Climate change and other environmental issues are becoming commonplace concerns for governments and corporations. This has created a niche particularly for consultancies and professionals that possess expertise in sustainable development.

 

Sustainability consulting groups have two sets of clientele: companies that have corporate social responsibility programs in industrialized nations, and international organizations and national governments especially in Africa, Asia and Latin America.

 

"We work a lot with the World Bank and AusAID," said Geoff Stapleton, co-founder of Global Sustainable Energy Solutions.

 

The Australia-based firm offers consulting, training and project management services to both private and public clients in Africa and Asia. It operates an office in Ghana.

 

In the past eight years, GSES implemented a number of projects to help teachers select solar home lighting kits in Papua New Guinea, for instance, and to carry out a World Bank-funded training course in the design and installation of solar photovoltaic systems in rural Sri Lanka. It also helped promote the use of solar panels in Malaysia, a project backed by the United Nations Development Program, and implemented a renewable energy training program in China and India funded by the Asia-Pacific Partnership on Clean Development and Climate.

 

Stapleton, an electrical engineer with a strong background in renewable energy, chairs the board of the Institute for Sustainable Power, an international nonprofit that seeks to expand and improve the use of sustainable energy.
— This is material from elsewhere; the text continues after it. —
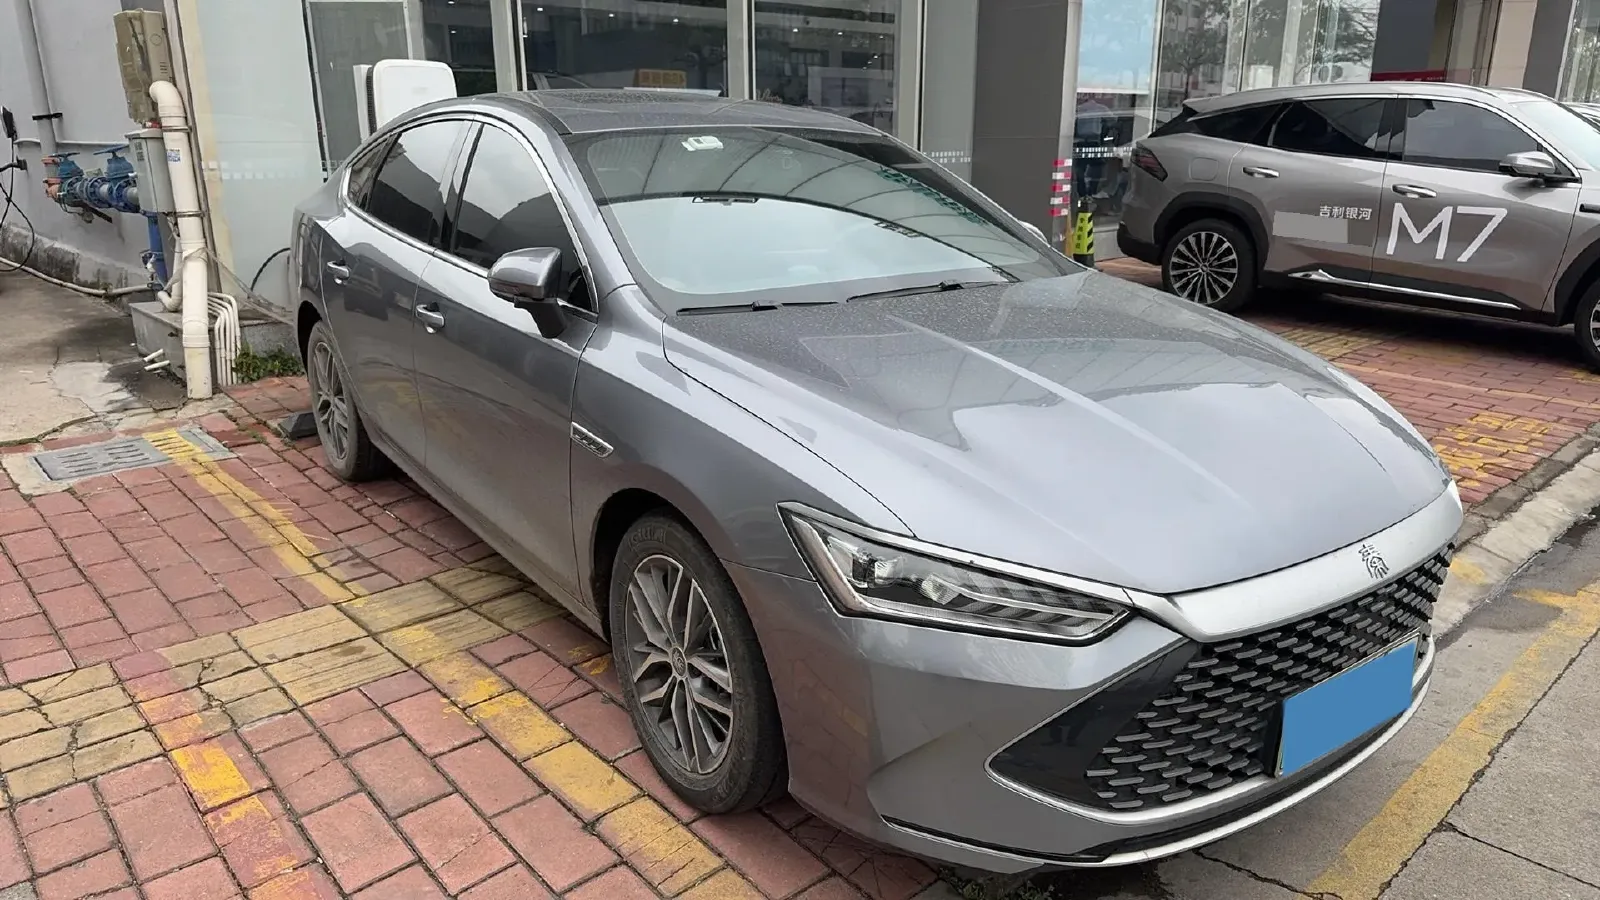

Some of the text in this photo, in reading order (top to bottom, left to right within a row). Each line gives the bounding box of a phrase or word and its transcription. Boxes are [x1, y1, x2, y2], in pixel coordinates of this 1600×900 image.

He also teaches in training programs certified by the group.

 

According to the Australian engineer, nonprofits like ISP, which collaborates with GSES in many of its projects, can be very effective in promoting industry sustainability in the developing world.

 

"NGOs seem to have the right drive," Stapleton said. "When NGOs work in terms of community capacity building, they can do a very good job."

 

Non-governmental organizations, according to 32-year-old French industrial engineer Jeremie Fosse, can prove even more effective than some private consultancies in the sustainability field, as they enjoy greater trust from civil society.

 

Along with a group of fellow Spain-based young professionals with an interest in the environment, Fosse founded Eco-Union in Barcelona in 2005.

 

Eco-Union works as an environmental consultancy, organizing trainings on sustainability-related issues for professionals in different fields.

 

The demand for services such as those provided by Eco-Union to food, construction, energy and other industry leaders, as well as to public administration officials and development NGO leaders, has been increasing over the years.

 

"There is a growing interest and a strong need," Fosse said. "We need to be able to advise the top management as there is a generation gap. Older people didn't learn these things at school as we did, so we need to educate the executives."

 

Eco-Union staff have strong academic backgrounds in technical fields and experience in business, administration and advocacy. According to Fosse, such qualities are crucial when advising professionals from different fields.

 

"We have been in all these sectors and we can bridge them," he said.

 

Professionals with expertise in sustainability are now in demand. International gatherings - such as the Off-Grid Power Conference this May 28 in Munich, Germany - are thus extremely useful to people of different backgrounds who share a common interest in the environment and for companies hoping to hire experts in the field.

 

Fosse's organization started the Global Eco-Forum in October 2008 and is currently organizing the 2009 meeting in Barcelona on Oct. 27.

 

"You have Davos and the Social Forum," said Fosse on why Eco-Union created the annual conference. "We want to be between economics and social. Between them you have sustainability and the environment. We want it to be a point of reference in Europe, the place where people who are interested in the environment come to express their ideas."

 

Fosse said last year's Global Eco-Forum saw participation of about 200 company executives, government representatives and students from business schools and technical universities across Europe. This year, he expects 300 to attend the event.

 

Eco-Union also set up an online social network to facilitate connections between participants before and after the meetings. Along with the Open University of Catalonia, it founded an online university to help students overcome geographical barriers in gaining knowledge of sustainability.

 

Networking is crucial for the industry, whose professionals need to be constantly updated on changes and news from the public sector.

 

"There are strong regulations and they need to know what is going to take place in the future," Fosse said.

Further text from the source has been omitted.